14 ago, 2020 - 18:28 • Lusa
O ilustrador Nuno Saraiva considerou, em reação ao anúncio da queixa pela PSP, criminoso atentar contra a liberdade de expressão e mostrou-se “preocupado” com o rumo do país.
A Polícia de Segurança Pública (PSP) vai apresentar queixa contra o jornal Público pela publicação, no suplemento Inimigo Público, de um cartoon com uma figura vestida de uniforme, “aparentemente relacionado com uma ação com conotação política” junto à sede da SOS Racismo.
“Criminoso é acharem que isto é um crime, que um criativo, um jornalista, um ‘opinion maker’, um cartoonista não pode ter direito à sua liberdade de expressão”, afirmou Nuno Saraiva, em declarações à Lusa.
Realçando que nem sequer é adepto dos cartoons “mais escatológicos e altamente ofensivos”, do género dos do jornal satírico francês Charlie Hebdo, o ilustrador português considera que este é até “um cartoon bastante pacífico”.
Por isso mesmo, julga “absolutamente exagerado e sem sentido para uma queixa-crime”.
Quanto a esta possibilidade, Nuno Saraiva deixa claro que não está minimamente preocupado consigo, mas sim com “o caminho que o país está a trilhar”.
“Parece que estamos a dar uma reviravolta para mais de 40 anos atrás, isso é que me preocupa. E o silêncio institucional preocupa-me também”, afirmou, considerando que nos últimos tempos sente que “está tudo muito pesado e esquisito”, uma situação que, confessa, o “assusta”.
No entanto, Nuno Saraiva deixa claro que não vai explicar o seu cartoon: “Um cartoon vale por si.

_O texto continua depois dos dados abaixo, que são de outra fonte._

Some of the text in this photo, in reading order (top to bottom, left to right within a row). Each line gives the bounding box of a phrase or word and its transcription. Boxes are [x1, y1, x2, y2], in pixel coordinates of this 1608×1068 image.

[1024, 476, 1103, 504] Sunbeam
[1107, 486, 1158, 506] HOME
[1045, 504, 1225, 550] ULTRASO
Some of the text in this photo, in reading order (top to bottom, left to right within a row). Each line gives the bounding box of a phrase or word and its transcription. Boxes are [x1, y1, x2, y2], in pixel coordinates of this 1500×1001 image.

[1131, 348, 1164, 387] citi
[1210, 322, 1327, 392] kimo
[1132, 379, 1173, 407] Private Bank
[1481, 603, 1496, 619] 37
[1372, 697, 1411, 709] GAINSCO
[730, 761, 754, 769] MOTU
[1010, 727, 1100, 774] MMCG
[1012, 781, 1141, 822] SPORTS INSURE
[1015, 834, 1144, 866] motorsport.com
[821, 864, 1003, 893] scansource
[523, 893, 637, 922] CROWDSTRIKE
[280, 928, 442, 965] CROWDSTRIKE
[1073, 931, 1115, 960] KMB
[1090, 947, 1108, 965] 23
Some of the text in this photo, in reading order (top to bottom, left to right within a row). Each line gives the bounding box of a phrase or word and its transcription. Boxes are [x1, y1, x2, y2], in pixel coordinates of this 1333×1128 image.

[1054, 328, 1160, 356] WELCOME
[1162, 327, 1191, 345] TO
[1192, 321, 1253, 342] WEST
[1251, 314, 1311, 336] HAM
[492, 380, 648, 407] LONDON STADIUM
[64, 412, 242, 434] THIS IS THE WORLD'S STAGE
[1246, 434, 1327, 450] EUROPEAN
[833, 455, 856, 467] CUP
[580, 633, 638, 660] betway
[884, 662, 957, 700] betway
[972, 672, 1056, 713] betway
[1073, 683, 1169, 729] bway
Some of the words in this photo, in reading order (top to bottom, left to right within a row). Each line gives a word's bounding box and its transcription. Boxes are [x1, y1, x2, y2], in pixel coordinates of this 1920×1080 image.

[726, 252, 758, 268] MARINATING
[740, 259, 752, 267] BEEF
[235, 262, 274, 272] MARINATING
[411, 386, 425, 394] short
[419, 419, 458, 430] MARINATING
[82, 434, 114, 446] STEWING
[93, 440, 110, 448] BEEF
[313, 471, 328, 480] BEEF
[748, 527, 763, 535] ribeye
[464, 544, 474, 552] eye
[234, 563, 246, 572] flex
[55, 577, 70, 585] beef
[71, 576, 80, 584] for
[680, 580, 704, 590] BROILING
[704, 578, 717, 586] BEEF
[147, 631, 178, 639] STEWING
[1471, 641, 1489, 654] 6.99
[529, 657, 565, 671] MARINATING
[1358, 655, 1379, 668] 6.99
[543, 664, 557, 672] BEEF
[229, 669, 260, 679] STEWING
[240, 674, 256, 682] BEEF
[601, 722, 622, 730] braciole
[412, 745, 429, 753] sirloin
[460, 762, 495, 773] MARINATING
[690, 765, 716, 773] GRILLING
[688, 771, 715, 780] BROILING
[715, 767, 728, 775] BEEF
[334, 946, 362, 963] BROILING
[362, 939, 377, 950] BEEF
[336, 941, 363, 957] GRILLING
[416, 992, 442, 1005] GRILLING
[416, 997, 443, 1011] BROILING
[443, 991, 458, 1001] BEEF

Os desenhos ilustrados têm a faculdade de ter várias interpretações”.
Segundo a PSP, o cartoon de Nuno Saraiva está aparentemente relacionado com uma ação, ocorrida no sábado, em frente à sede da organização SOS Racismo, em Lisboa, e associa "de forma explícita" a polícia "a um qualquer movimento político-ideológico".
Essa conotação, adianta a nota, afeta "publicamente a isenção e apartidarismo que caracterizam a instituição, resultantes não só de obrigação estatutária e da condição policial, mas também da convicção dos polícias".
Capa do suplemento "Inimigo Público" desta sexta-f(...)
A PSP "lamenta a leviandade com que o jornal e o cartoon em questão feriram a boa imagem da instituição e dos polícias que nela servem e protegem os nossos concidadãos" e lembra que a Estratégia 2020/2022 contempla a "isenção e rejeição de qualquer forma de extremismo e discriminação" como um valor e um pilar ético fundamental.
A discussão à volta do racismo em Portugal voltou a ganhar força depois do assassinato do ator Bruno Candé, alegadamente por motivações racistas, e de na semana passada um grupo de elementos da extrema-direita relacionados com o movimento "Ordem de Avis-Resistência Portugal" se terem manifestado à frente da sede da SOS Racismo.
Posteriormente, foi enviada uma carta com ameaças a vários elementos de organizações antirracistas e a três deputadas, duas do Bloco de Esquerda e a independente Joacine Katar Moreira.
A PJ e o Ministério Público estão a investigar os contornos do caso.
Ainda na quinta-feira, o Presidente da República (PR), Marcelo Rebelo de Sousa, falando sobre este tema, pediu a todos os democratas que sejam “firmes nos princípios”, mas também "sensatos" na forma como fazem a defesa desses valores. Marcelo alerta para os perigos de dar munições a quem quer aproveitar o tema do racismo para criar um clima de divisão na sociedade portuguesa e capitalizar com ele para promover “fenómenos antissistémicos”.
Também o Governo e alguns partidos da oposição tomaram posições de repúdio e condenação em relação às ameaças que foram feitas pelos grupos de extrema-direita.